Where Information Literacy Unfolds - Bad writing

So I returned from WILU 2007 yesterday and I know myself well enough to know that if I don't properly expand upon the scribbled notes that I made during the conference right now, then by Wednesday (the long weekend + Tuesday's Campus Technology Day) all the gossamer thought will have floated away. I'm not going to write summaries of the sessions I attended. I'm planning to write about how sometimes disparate presentations came together in my mind, to me.

I think one of the most important things that happened to me during the conference was that I was finally able to reconcile a particular misgiving I had towards active learning. It used to be that I would cringe every time I heard or read someone promoting active learning because people have multiple intelligences and not everyone can handle listening to a sage on the stage give a lecture. While I understood and appreciated the value of active learning, I just couldn't completely banish the lecture - the currency of teaching that pre-dates the university back to the days of Plato's Symposium -- on such a flimsy excuse.

Rick Salutin brought up Plato's Symposium during his keynote address, Thinking versus knowing: Where does information come in? Like a great lecture, Rick's talk touched on a number of themes that revealed themselves through his stories and conjecture. One of major themes was Salutin's preference for the oral tradition over the paucity and mechanical tyranny of the written word. Conversation can achieve a vibrancy and a deepness that can go beyond teaching and enter the realm of healing (through therapy) .
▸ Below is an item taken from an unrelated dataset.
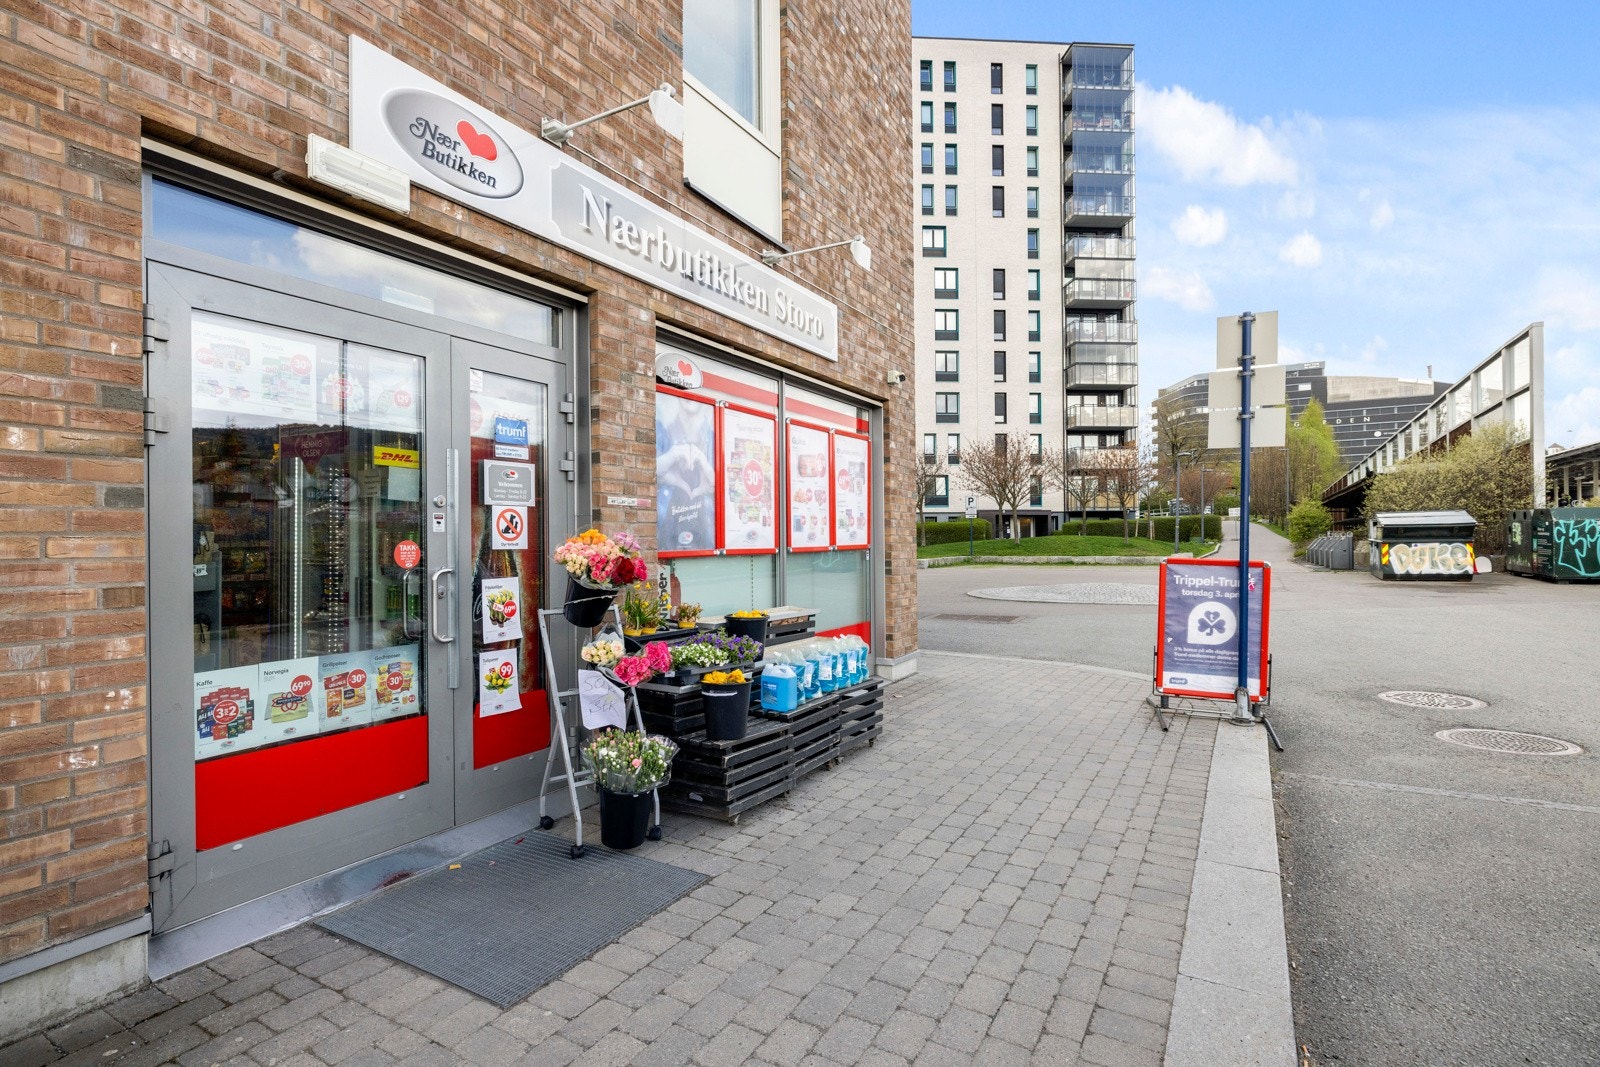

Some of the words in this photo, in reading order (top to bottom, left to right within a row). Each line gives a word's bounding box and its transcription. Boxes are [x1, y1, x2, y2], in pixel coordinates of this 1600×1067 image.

The richness and the visceral immediacy of dialogue can't be captured in print - which is why Plato's Symposium reads so badly. Later on in the conference, the topic of bad writing came up again. Richard Sims in his presentation Critical Reading: Doing More introduced me to Leo Strauss's idea that the 'bad writing' of ancient thinkers and philosophers should be thought of as encrypted writing, done so that the author could convey dangerous ideas to a few without persecution by the majority. Such writing (and the university lecture) is worth the additional effort.